One of their strategic applications of human insight was when they tested their first-time user experience and realized that potential users were held back because they didn’t believe they could create graphics on their own.
In response, Canva added onboarding that emphasized the ease and simplicity of their tool and assured new users they’d succeed. They even created a short introductory video to help new users see how easy it is to use Canva and to eliminate the preconceived notion that design is hard to learn. These important changes helped Canva get off to a fast start.
And the company continues to use human insight throughout its growth. Today the company has a valuation of $26 billion and has collected more than 16,000 human insights to inform the way its employees build and scale its platform.

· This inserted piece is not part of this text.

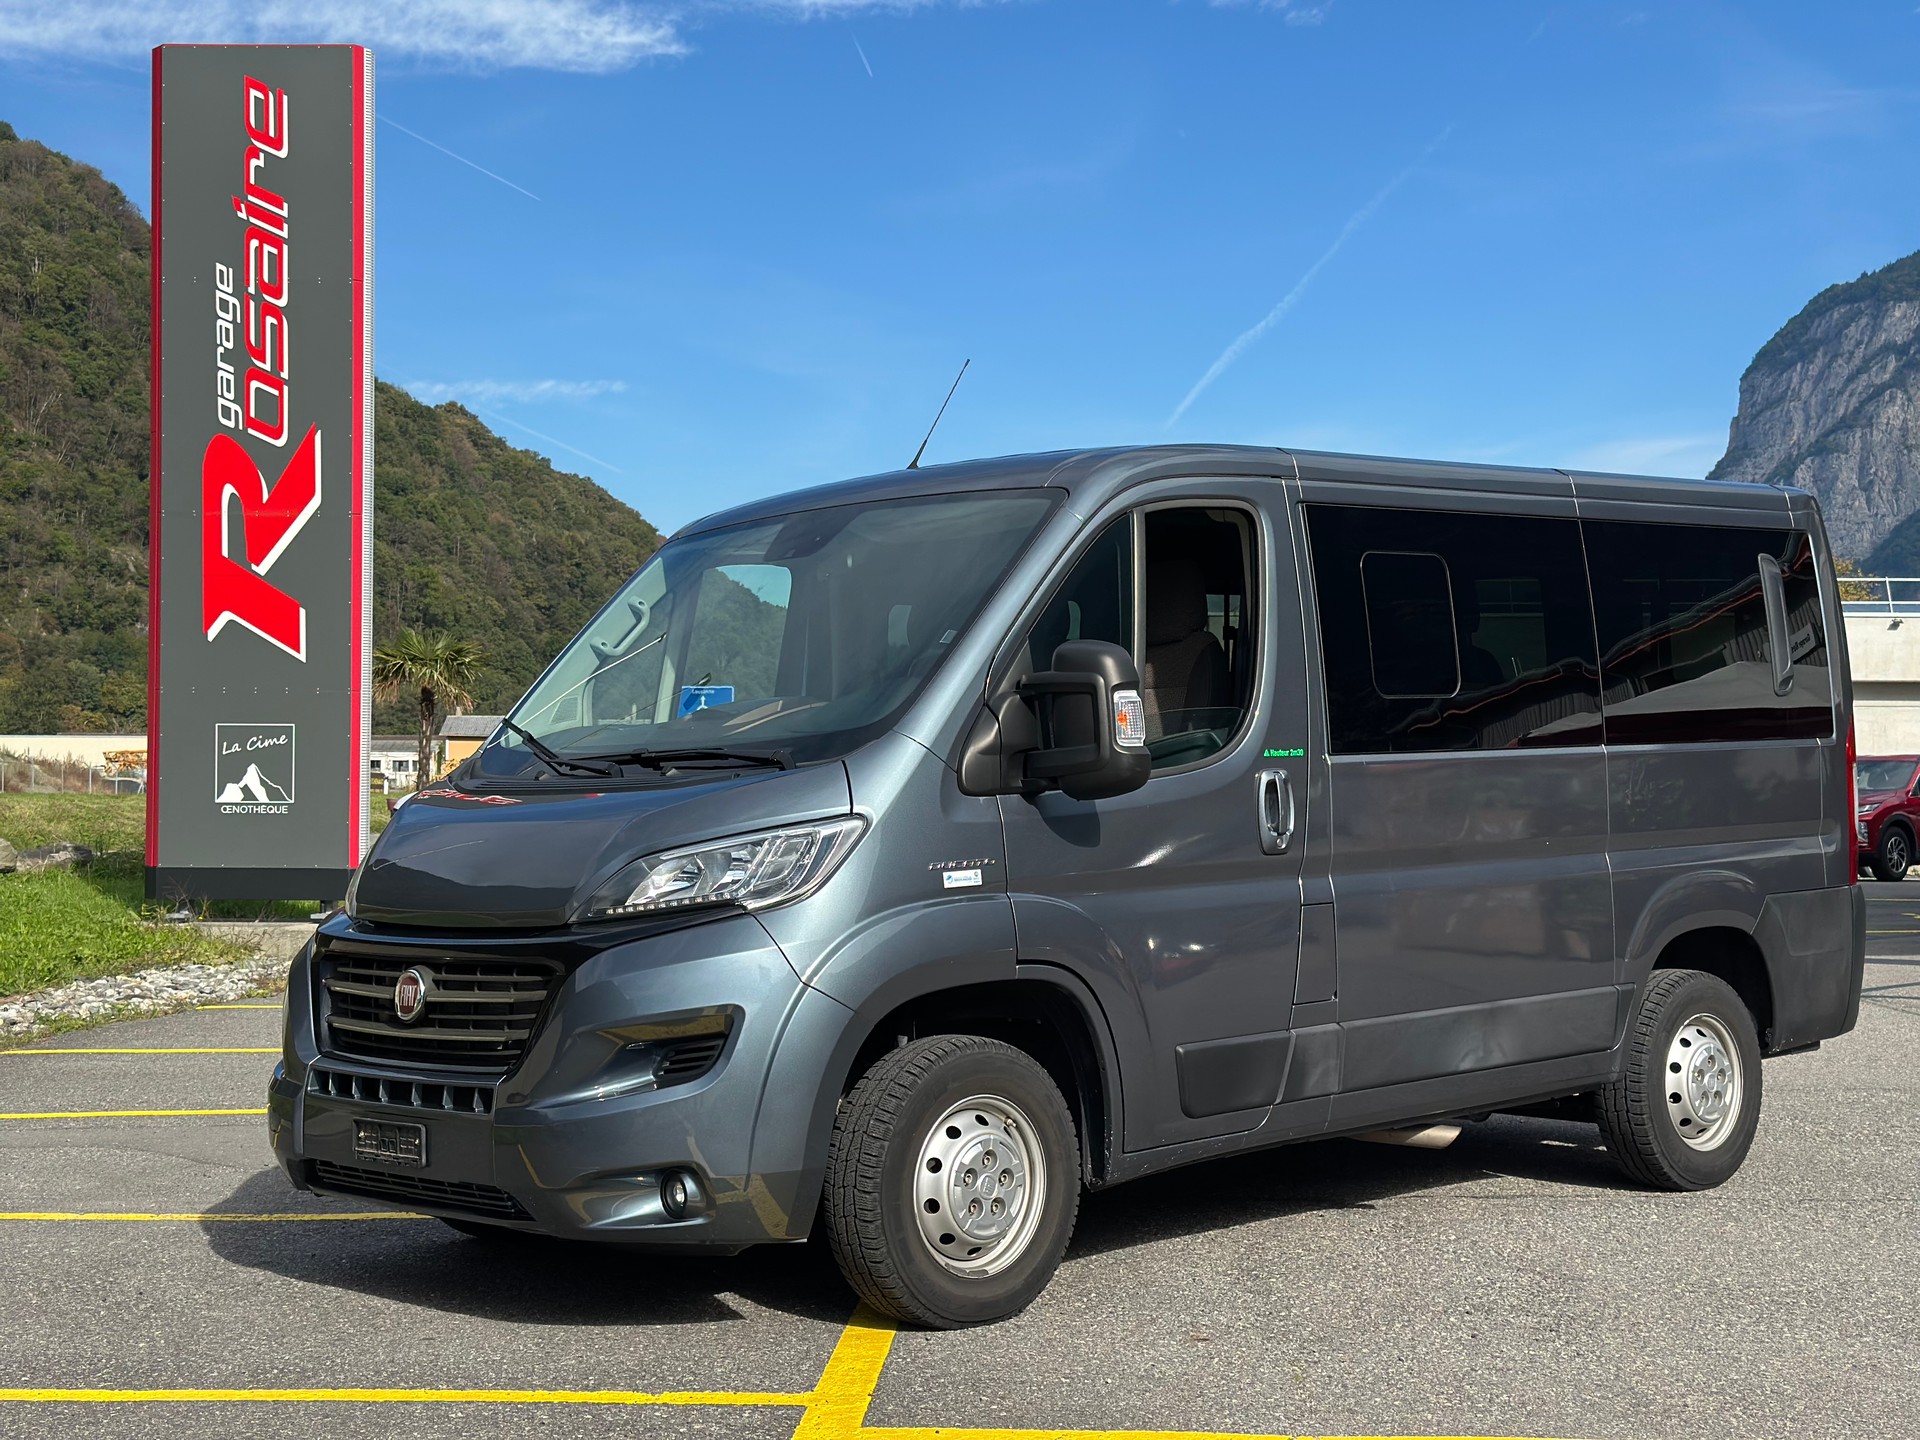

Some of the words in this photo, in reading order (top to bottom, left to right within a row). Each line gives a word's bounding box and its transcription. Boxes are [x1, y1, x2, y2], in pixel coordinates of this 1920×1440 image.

Human insight is used regularly across the company in engineering, design, product management, and marketing. It’s used for a broad range of tasks, including onboarding, pricing, and improving advertising.
Making human insight part of a company transformation: A Culture of Human Insight can also be created in existing companies that are transforming themselves. Typically this involves not just adopting a human insight tool or product, but also changing existing business practices and culture.
The dedicated UX research team—your team—can be the group that is pushing this agenda forward and getting executives, other teams, and the entire company on board. In fact, this is a great opportunity to evolve your work and your role within the company. Spearheading an effort to build a Culture of Human Insight elevates the practice of UX research and positions you and your teammates as strategic leaders.
This type of transformation requires a huge amount of work, and very few companies would tell you they have completed the journey today. But many are making amazing progress.
Whether you’re a startup or existing business, whether you’re living out the Culture of Human Insight now or still evolving toward it, here are some strategies you can use to continue moving in the right direction.
Recommended practices during the Culture of Human Insight phase
- Secure executive buy-in
- Consider creating a center of excellence
- Codify where and when human insight is to be used
- Create an empathy feed
- Make “ask, don’t guess” your motto
- Consider a “customer connect” program
- Create a culture of one-to-many sharing of insights
- Turn your customer-facing practices inward
A Culture of Human insight helps people at your company act with more urgency and with the needs of the customer infusing every discussion, activity, and decision. Everyone has a shared understanding of the customer, as well as a shared desire to augment that understanding so the business can continually learn about and improve upon the experiences it provides.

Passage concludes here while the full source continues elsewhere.